After all, each of the three categories of DLSAM distinguished in the previous section – global partially synthetic, local partially synthetic, and totally synthetic – has traditional counterparts that do not involve DL.
In fact, it is not implausible that many DLSAM, from visual enhancement to face swapping, could be copied rather closely with more traditional methods, given enough time, skills and resources.
But one might wonder whether the difference between DLSAM and traditional media is merely one of performance and convenience, lowering the barrier to entry for the media creation; or whether there are additional differences that warrant giving a special status to DLSAM in the landscape of audiovisual media.
More specifically, the question is whether DLSAM simply make it easier, faster, and/or cheaper to produce audiovisual media that may have otherwise been produced through more traditional means; or whether they also enable the production of new forms of audiovisual media that challenge traditional categories.

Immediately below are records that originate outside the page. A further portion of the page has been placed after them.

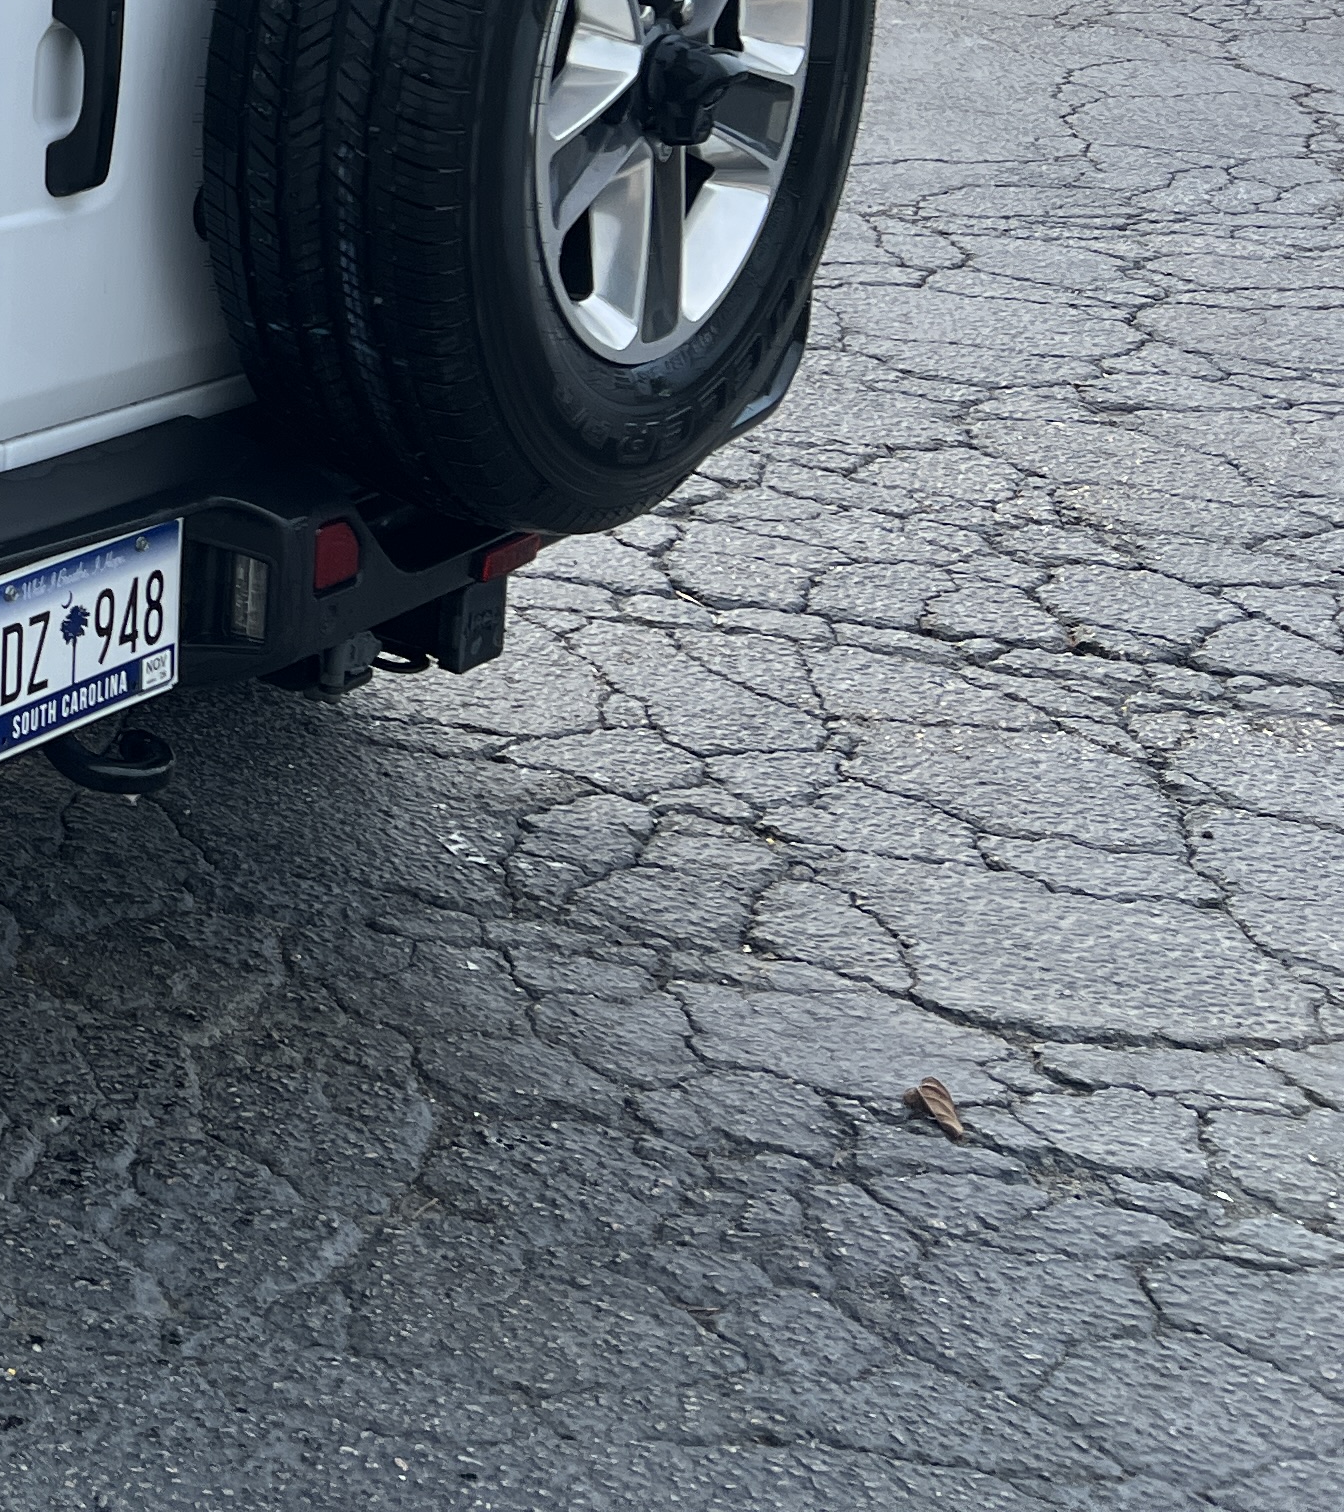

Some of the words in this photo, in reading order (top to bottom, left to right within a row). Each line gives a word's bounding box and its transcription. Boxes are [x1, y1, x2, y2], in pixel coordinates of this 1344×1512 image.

[94, 569, 164, 665] 948
[146, 652, 167, 675] NOV
[12, 699, 57, 739] SOUTH
[61, 670, 128, 718] CAROLINA
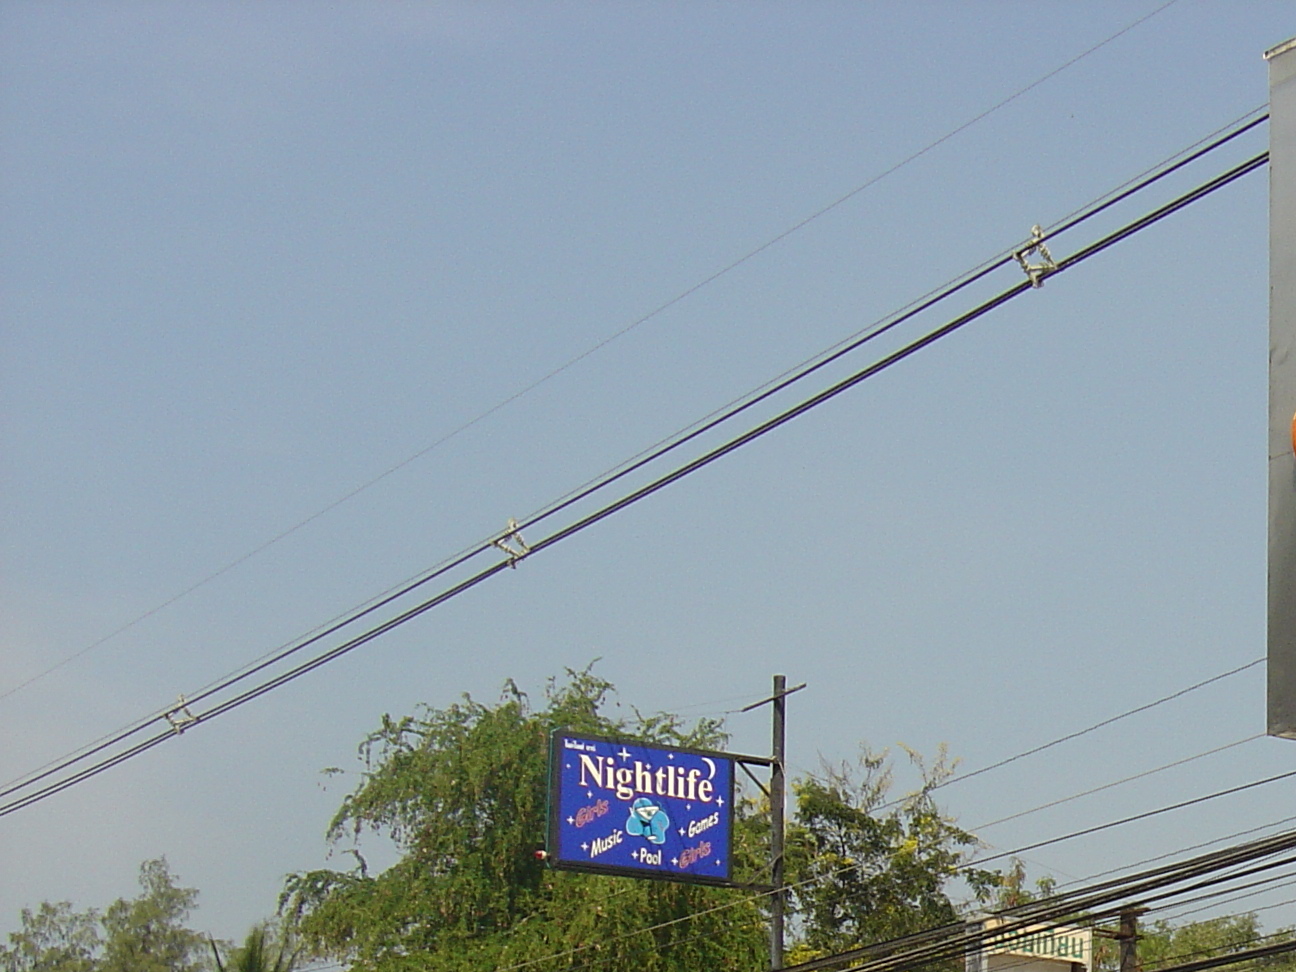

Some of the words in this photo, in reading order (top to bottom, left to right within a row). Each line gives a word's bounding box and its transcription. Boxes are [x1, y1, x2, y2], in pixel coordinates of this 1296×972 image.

[578, 754, 713, 802] Nightlife
[575, 799, 610, 828] Girls
[688, 812, 720, 838] Games
[590, 829, 624, 858] Music
[639, 848, 662, 865] Pool
[679, 840, 712, 868] Girls

On an epistemic reading, DLSAM may not threaten the taxonomy itself, but simply make it more difficult for media consumers to tell where a specific instance of DLSAM lies within that taxonomy.
The epistemic reading of the discontinuity claim is clearly correct if one insists on making all instances of DLSAM fit within the traditional taxonomy of audiovisual media.
For example, it is increasingly easy to mistake photorealistic GAN-generated images of human faces (in the category of totally synthetic media) for actual photographs of human faces (in the category of archival media).
It should be noted, however, that traditional methods of media manipulation also enable such confusions; DL-based techniques merely make it easier to fool media consumers into misjudging the source of an item.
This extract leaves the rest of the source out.